Regulatory mechanism of miR ‐525‐5p in over‐invasion of trophoblast

Aim To investigate the mechanism of miRNA‐525‐5p (miR‐525‐5p) in regulating the invasion of trophoblast cells. Methods The expressions of miR‐525‐5p and Homeobox D10 (HOXD10) in pre‐eclampsia (PE) and normal placentas were detected. Besides the expressions of miR‐525‐5p and HOXD10, the levels of Vimentin, N‐cadherin and E‐cadherin in human trophoblast (HTR)‐8 cells were also measured after cell transfection. 3‐(4,5)‐dimethylthiahiazo (‐z‐y1)‐3,5‐di‐ phenytetrazoliumromide (MTT) and Transwell assays assessed the proliferative and invasive capabilities of HTR‐8 cells, respectively. Dual‐luciferase reporter assay verified the targeting relationship between miR‐525‐5p and HOXD10. Results MiR‐525‐5p was lowly expressed and HOXD10 was highly expressed in PE placentas.
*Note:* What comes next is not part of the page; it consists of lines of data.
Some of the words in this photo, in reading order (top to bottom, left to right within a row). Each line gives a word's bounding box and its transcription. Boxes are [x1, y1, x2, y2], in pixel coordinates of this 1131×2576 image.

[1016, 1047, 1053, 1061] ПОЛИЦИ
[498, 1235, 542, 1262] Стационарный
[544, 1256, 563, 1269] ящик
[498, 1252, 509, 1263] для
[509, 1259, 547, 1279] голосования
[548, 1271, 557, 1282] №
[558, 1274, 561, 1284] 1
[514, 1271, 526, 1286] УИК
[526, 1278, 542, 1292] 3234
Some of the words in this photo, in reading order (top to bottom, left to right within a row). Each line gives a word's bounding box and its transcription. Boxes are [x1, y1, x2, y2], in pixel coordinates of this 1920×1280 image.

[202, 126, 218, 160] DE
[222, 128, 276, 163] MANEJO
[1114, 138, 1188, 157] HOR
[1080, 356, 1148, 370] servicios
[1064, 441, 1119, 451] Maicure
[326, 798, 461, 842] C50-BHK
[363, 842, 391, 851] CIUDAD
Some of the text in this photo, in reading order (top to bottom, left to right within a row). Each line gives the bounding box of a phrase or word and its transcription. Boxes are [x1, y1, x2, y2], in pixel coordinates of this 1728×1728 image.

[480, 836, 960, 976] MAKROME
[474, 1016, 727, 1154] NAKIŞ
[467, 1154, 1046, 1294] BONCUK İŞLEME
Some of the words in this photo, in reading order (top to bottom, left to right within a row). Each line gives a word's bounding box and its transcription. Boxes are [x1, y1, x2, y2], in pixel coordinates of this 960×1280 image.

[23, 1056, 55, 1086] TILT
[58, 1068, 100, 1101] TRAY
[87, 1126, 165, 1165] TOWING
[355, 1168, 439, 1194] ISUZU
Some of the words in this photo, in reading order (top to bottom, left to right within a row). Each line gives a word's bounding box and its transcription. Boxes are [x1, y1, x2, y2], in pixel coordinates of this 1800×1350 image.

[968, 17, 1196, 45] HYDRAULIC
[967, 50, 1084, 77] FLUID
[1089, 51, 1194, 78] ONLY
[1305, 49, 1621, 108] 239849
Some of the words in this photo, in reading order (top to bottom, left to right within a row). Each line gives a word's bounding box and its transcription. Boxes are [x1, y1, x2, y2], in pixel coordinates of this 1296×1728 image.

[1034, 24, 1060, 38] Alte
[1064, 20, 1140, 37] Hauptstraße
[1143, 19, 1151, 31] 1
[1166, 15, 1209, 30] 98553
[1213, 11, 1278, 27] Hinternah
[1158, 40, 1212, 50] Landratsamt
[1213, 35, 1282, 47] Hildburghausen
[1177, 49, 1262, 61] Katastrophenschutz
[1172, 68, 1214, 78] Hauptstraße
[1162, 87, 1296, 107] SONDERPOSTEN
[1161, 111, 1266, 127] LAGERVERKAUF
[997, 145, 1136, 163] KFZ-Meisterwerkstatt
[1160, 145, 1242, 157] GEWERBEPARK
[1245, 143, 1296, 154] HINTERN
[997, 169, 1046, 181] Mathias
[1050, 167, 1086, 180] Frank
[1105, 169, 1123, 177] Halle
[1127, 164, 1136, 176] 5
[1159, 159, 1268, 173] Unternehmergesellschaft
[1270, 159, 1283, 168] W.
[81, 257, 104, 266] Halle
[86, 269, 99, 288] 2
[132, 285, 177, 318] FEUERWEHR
MiR‐525‐5p inhibition or HOXD10 overexpression suppressed proliferation, invasion and epithelial‐mesenchymal transition (EMT) of HTR‐8 cells. MiR‐525‐5p overexpression or HOXD10 knockdown promoted proliferation, invasion and EMT of HTR‐8 cells. HOXD10 was a downstream target of miR‐525‐5p. Inhibiting HOXD10 reversed the suppressive effects of miR‐525‐5p inhibition on proliferation, invasion and EMT of HTR‐8 cells. Conclusion MiR‐525‐5p mediates the invasion of trophoblast cells by regulating HOXD10, which provides new therapeutic targets for PE treatment.